Ils ont la mode dans les tripes, l’ont étudiée à l’Académie d’Anvers ou à La Cambre à Bruxelles – et travaillent aujourd’hui dans de grandes maisons de couture. Avec sérieux et talent, ce qui fait la différence. Et si c’était aussi une question de pédagogie ?

Ils ont un peu plus de 20 ans, parfois 30, à peine. Ils sont de Géorgie, France, Belgique, Allemagne, Italie ou Espagne. Ils écrivent la mode quotidiennement, dans des grandes maisons. Ils ont été formés à l’Académie royale des beaux-arts d’Anvers, département mode (photo à gauche) ou à l’Ecole nationale supérieure des arts visuels, atelier de stylisme et création de mode à La Cambre, Bruxelles (photo à droite). Ils savent, sans arrogance, qu’en la matière, il n’y a pas beaucoup mieux ailleurs. Car contrairement aux autres, ce sont deux écoles publiques qui vénèrent la créativité – des laboratoires structurants.

La première est l’une des plus anciennes académies en Europe, puisqu’elle fut fondée en 1663. Mais il faudra attendre le xxe siècle et les années 60 pour voir naître un Fashion Department qui se développera peu à peu, grâce notamment à une volonté politique. L’histoire retiendra le millésime 1986, avec des diplômés qui ont assis sa réputation internationale, dont Ann Demeulemeester, Dries Van Noten, puis Martin Margiela ou A.F. Vandevorst. à sa tête, Walter Van Beirendonck, également professeur en troisième année, qui attend de ses étudiants  » qu’ils développent avant tout leur propre langage, original. Nous les suivons et les stimulons énormément pour qu’ils puissent dépasser leurs limites. Avec une vision forte, personnelle et honnête, à asseoir dans le monde de la mode « .

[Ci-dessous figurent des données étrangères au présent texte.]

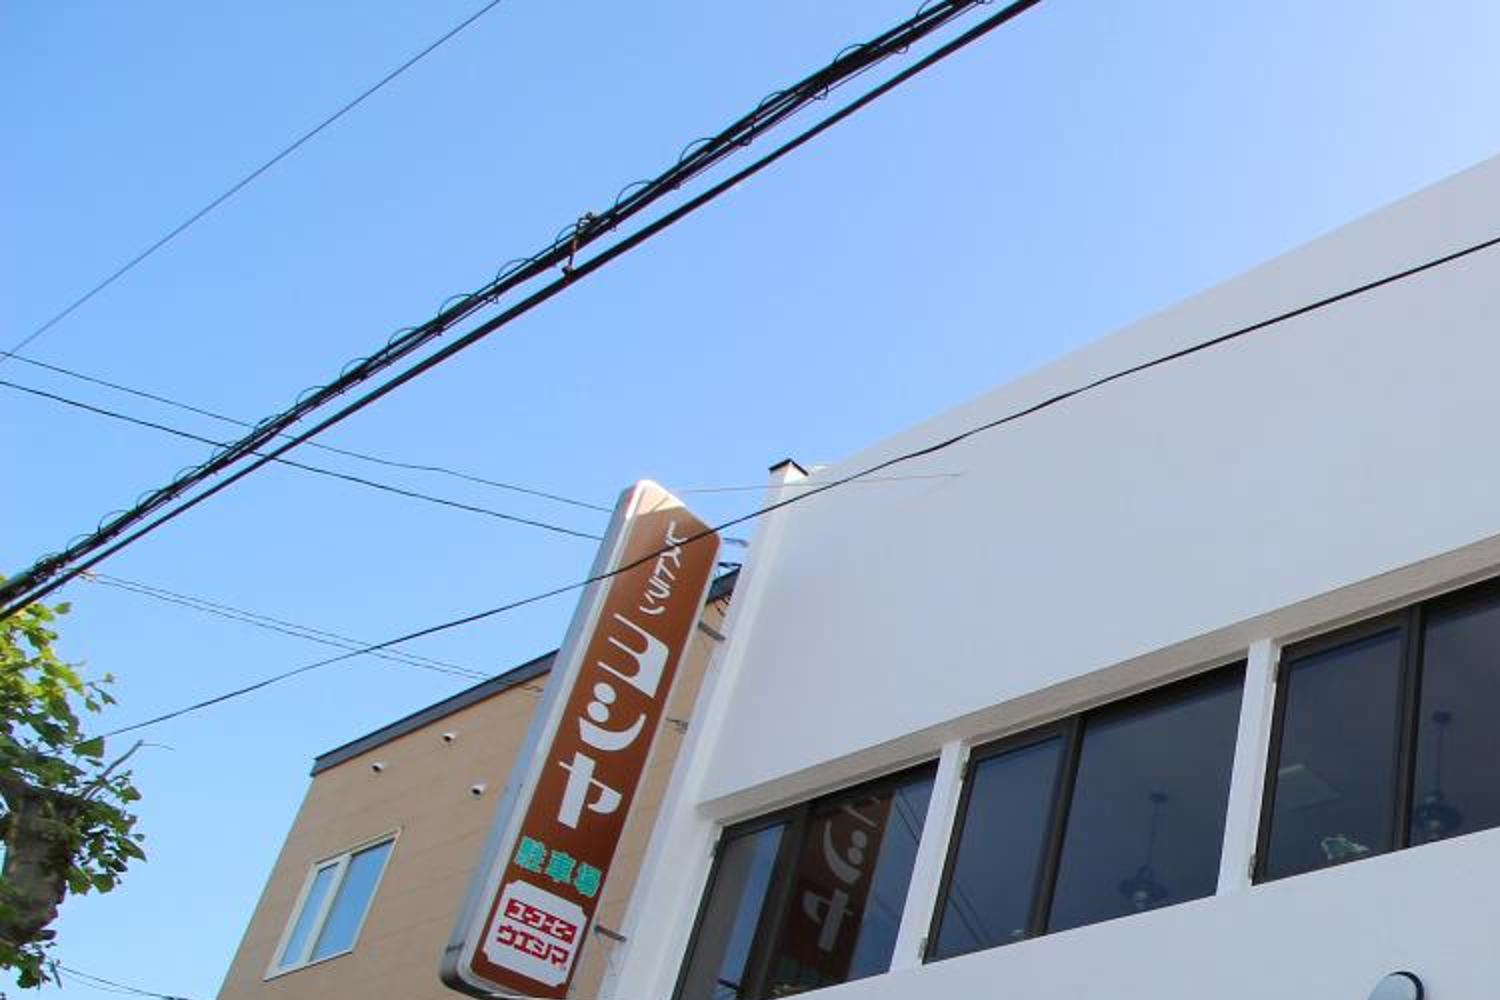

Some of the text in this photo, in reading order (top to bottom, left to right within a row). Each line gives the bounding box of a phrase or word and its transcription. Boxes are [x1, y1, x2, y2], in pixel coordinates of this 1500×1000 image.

[639, 521, 689, 615] レストラン
[558, 613, 670, 829] ヨシヤ
[497, 925, 569, 966] ウエシマ

La seconde, aussi appelée La Cambre mode(s) ou La Cambre tout court, fut créée de toutes pièces, au sein de l’Ecole nationale supérieure des arts visuels par Franc’Pairon en 1986. Elle a vu passer Sami Tillouche (Lanvin), Olivier Theyskens, Crstof Beaufays (Jean Paul Gaultier) et Laetitia Crahay (Chanel). Tony Delcampe, aujourd’hui chef d’atelier et professeur en cinquième année, est presque ému à regarder ses anciens étudiants poser ainsi,  » ils ont grandi « . Il sait que ces cinq années d’études sont exigeantes, que parfois, ils ne comprennent pas pourquoi tant de douleur, ni comment arriver à transcender leurs idées.  » S’ils sont engagés dans ces maisons, c’est parce qu’ils sont polyvalents. Mon but, et celui de l’atelier, est d’en faire des créateurs qui ne soient pas de purs produits de mode, mais des personnalités artistiques fortes, et parfois atypiques. « 

Il faut rendre hommage à ces écoles qui forment, chacune avec leurs particularités, en cinq et en quatre ans, des  » bachelors  » et des  » masters  » que le monde nous envie, cessons d’être modeste. Ils viennent de partout y étudier, repartent ensuite vers d’autres cieux, là où le vent de la mode les pousse. En gardant souvent en eux comme un trésor ces années qui les virent souffrir, s’ouvrir à eux-mêmes et se préparer à être ce qu’ils sont aujourd’hui – des jeunes créateurs heureux. Nous en avons réunis 16, diplômés depuis peu, ou parfois ayant quitté le giron de l’école plus tôt, avant la fin. Nous leur avons demandé pourquoi ils ont choisi cette école-là en particulier, ce qu’ils ont retenu de la pédagogie et en quoi elle leur sert quotidiennement dans leur écriture mode au sein de la maison pour laquelle ils travaillent. Ils sont la preuve vivante et belle que les études de mode mènent à tout, parfois au nirvana.